== Text-to-region grounding data ==
-*-*-
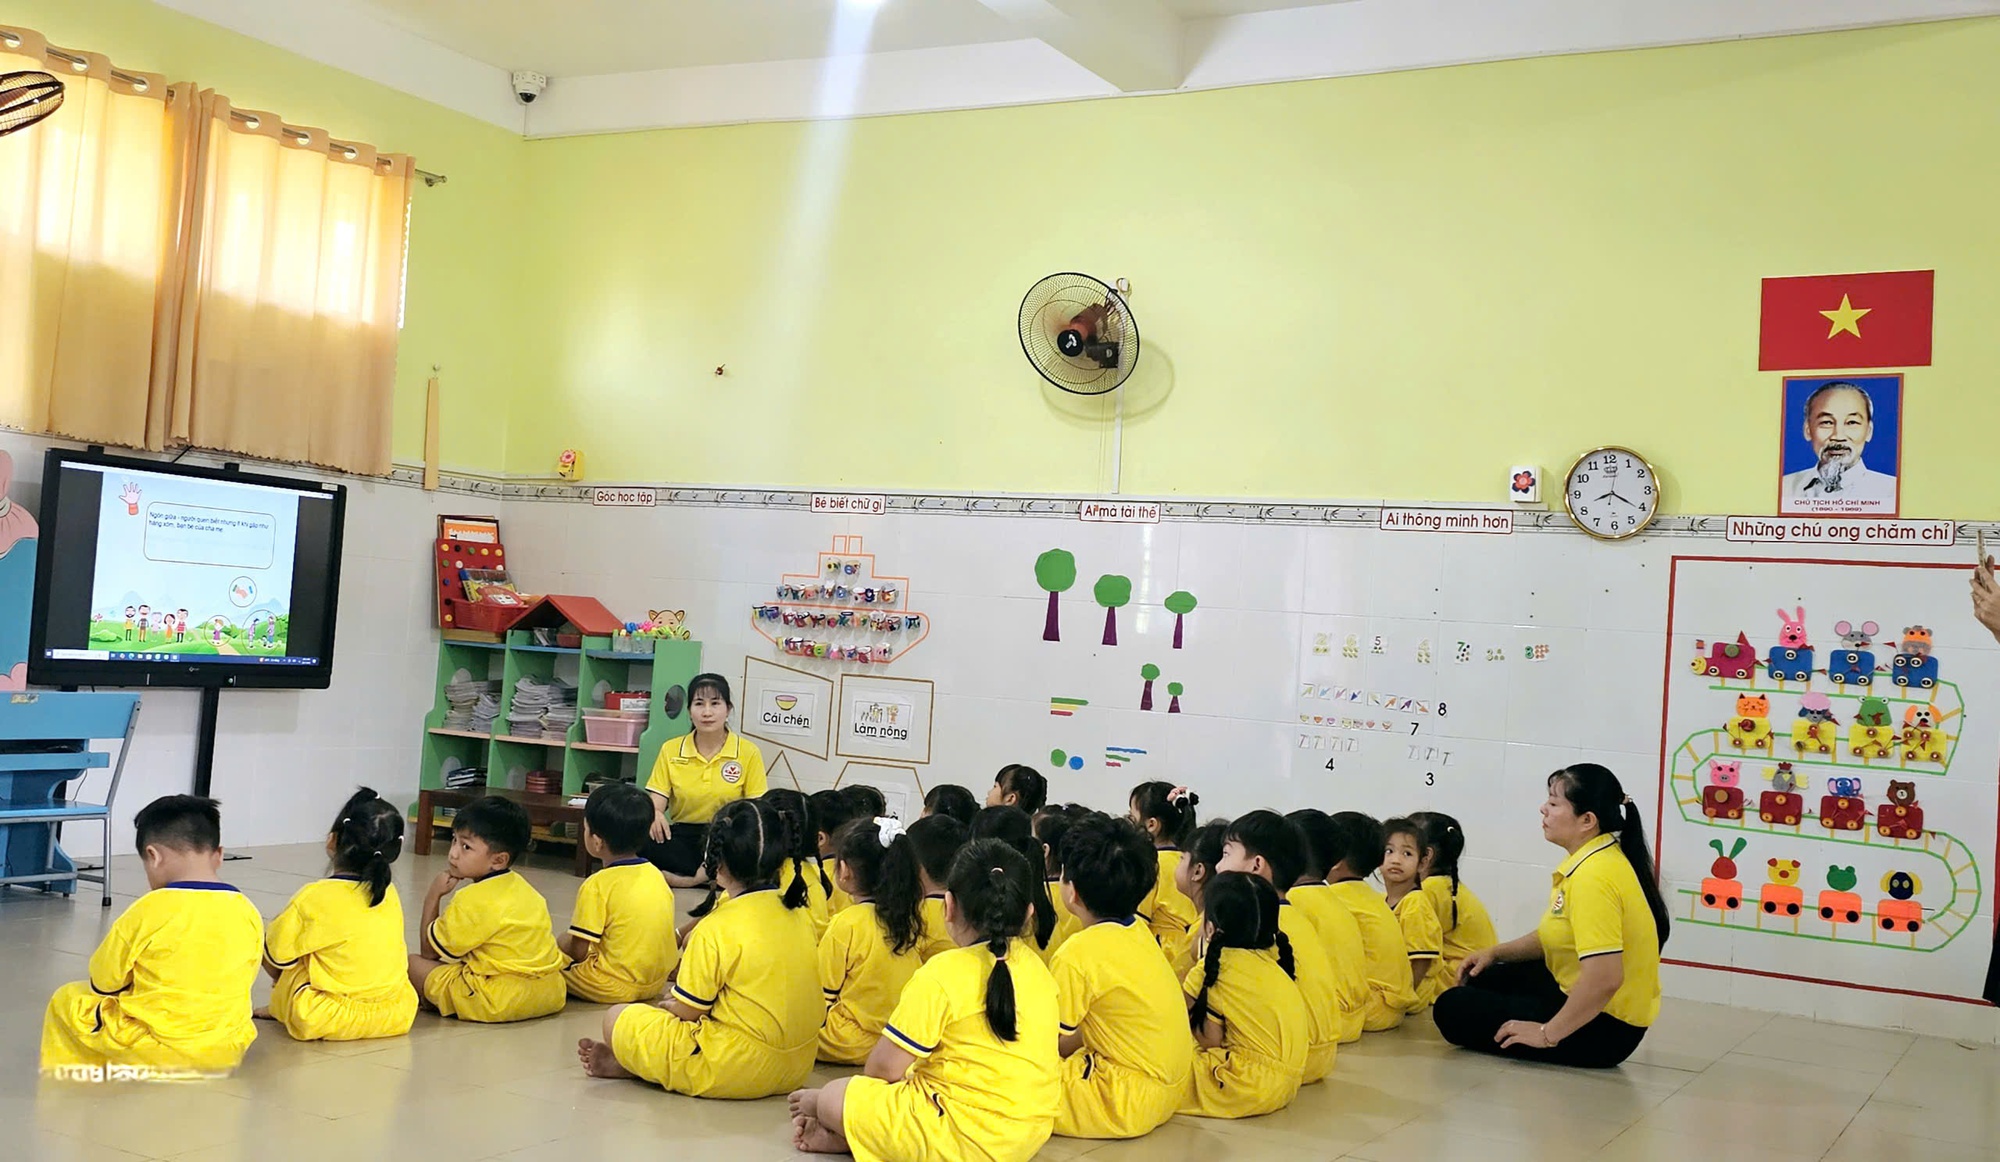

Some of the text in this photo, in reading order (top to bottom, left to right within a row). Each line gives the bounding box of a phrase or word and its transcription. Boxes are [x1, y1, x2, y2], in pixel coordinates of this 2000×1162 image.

[1603, 454, 1617, 464] 12
[1625, 459, 1632, 468] 1
[1588, 461, 1599, 471] 11
[1577, 474, 1589, 483] 10
[1637, 469, 1645, 478] 2
[1573, 490, 1581, 499] 9
[1644, 485, 1652, 495] 3
[597, 490, 653, 504] Góc học tập
[815, 496, 827, 508] Bé
[830, 496, 848, 508] biết
[851, 497, 870, 509] chữ
[1638, 502, 1647, 511] 4
[1099, 504, 1117, 517] mà
[1121, 504, 1135, 518] tài
[1139, 504, 1158, 518] thế
[1580, 506, 1588, 515] 8
[1386, 513, 1509, 529] Ai thông minh hơn
[1593, 517, 1601, 527] 7
[1627, 515, 1636, 525] 5
[1611, 521, 1619, 531] 6
[1732, 520, 1949, 541] Những chú ong chăm chỉ
[1374, 636, 1381, 646] 5
[1457, 641, 1465, 651] 7
[1437, 702, 1447, 716] 8
[763, 711, 809, 727] Cái chén
[854, 722, 908, 740] Làm nông
[1410, 722, 1419, 735] 7
[1325, 757, 1335, 771] 4
[1425, 772, 1435, 786] 3
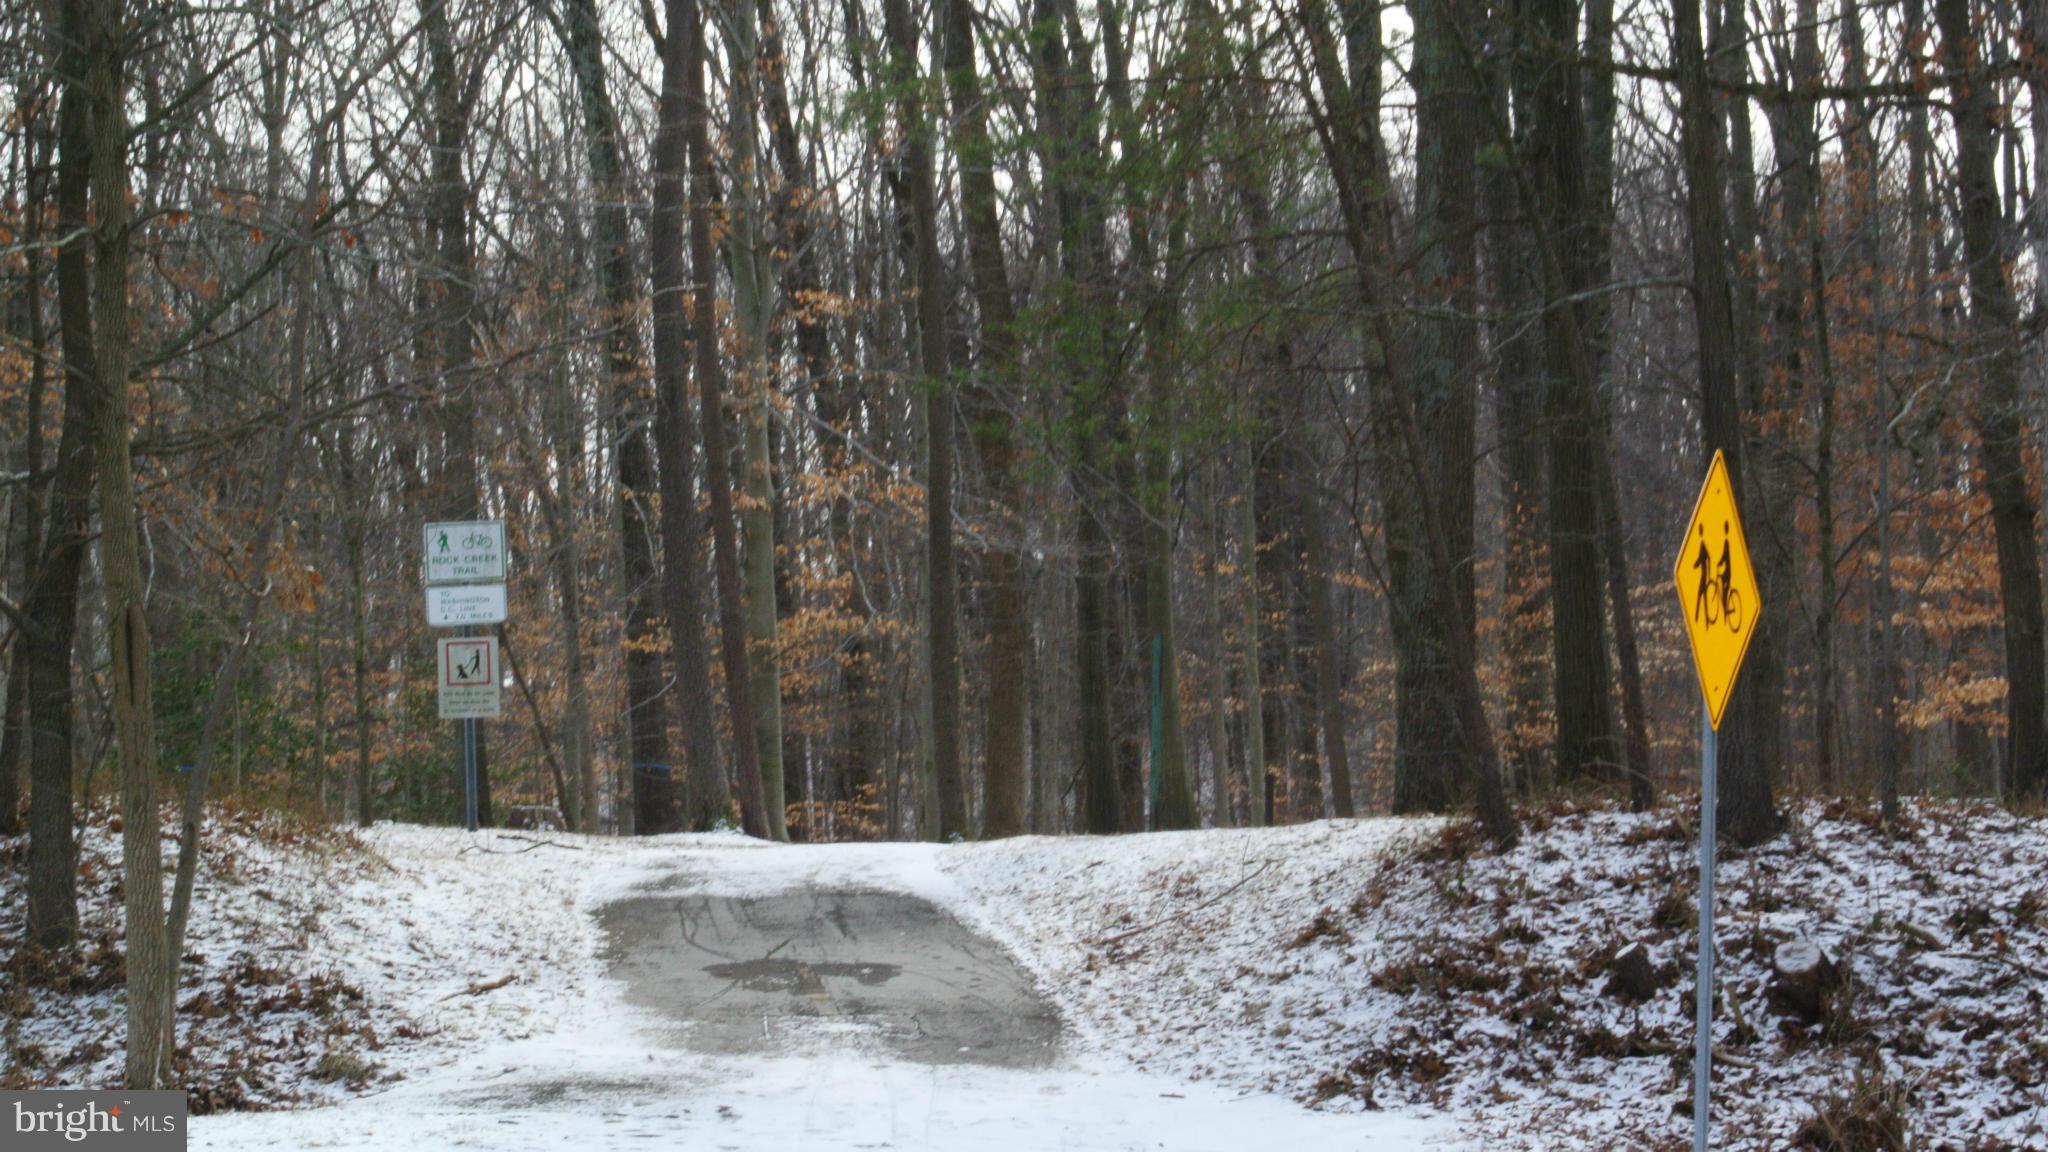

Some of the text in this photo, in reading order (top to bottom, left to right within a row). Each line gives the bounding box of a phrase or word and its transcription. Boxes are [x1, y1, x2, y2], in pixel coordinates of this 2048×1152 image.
-*-*-
== PROBLEM ==
Write out all the entries exactly, except for the pictures.

== EXERCISE OUTPUT ==
Some of the text in this photo, in reading order (top to bottom, left to right within a row). Each line gives the bounding box of a phrase or word and its transcription. Boxes are [x1, y1, x2, y2], in pixel coordinates of this 2000×1162 image.

[1603, 454, 1617, 464] 12
[1625, 459, 1632, 468] 1
[1588, 461, 1599, 471] 11
[1577, 474, 1589, 483] 10
[1637, 469, 1645, 478] 2
[1573, 490, 1581, 499] 9
[1644, 485, 1652, 495] 3
[597, 490, 653, 504] Góc học tập
[815, 496, 827, 508] Bé
[830, 496, 848, 508] biết
[851, 497, 870, 509] chữ
[1638, 502, 1647, 511] 4
[1099, 504, 1117, 517] mà
[1121, 504, 1135, 518] tài
[1139, 504, 1158, 518] thế
[1580, 506, 1588, 515] 8
[1386, 513, 1509, 529] Ai thông minh hơn
[1593, 517, 1601, 527] 7
[1627, 515, 1636, 525] 5
[1611, 521, 1619, 531] 6
[1732, 520, 1949, 541] Những chú ong chăm chỉ
[1374, 636, 1381, 646] 5
[1457, 641, 1465, 651] 7
[1437, 702, 1447, 716] 8
[763, 711, 809, 727] Cái chén
[854, 722, 908, 740] Làm nông
[1410, 722, 1419, 735] 7
[1325, 757, 1335, 771] 4
[1425, 772, 1435, 786] 3

Some of the text in this photo, in reading order (top to bottom, left to right within a row). Each line gives the bounding box of a phrase or word and its transcription. Boxes are [x1, y1, x2, y2], in pixel coordinates of this 2048×1152 image.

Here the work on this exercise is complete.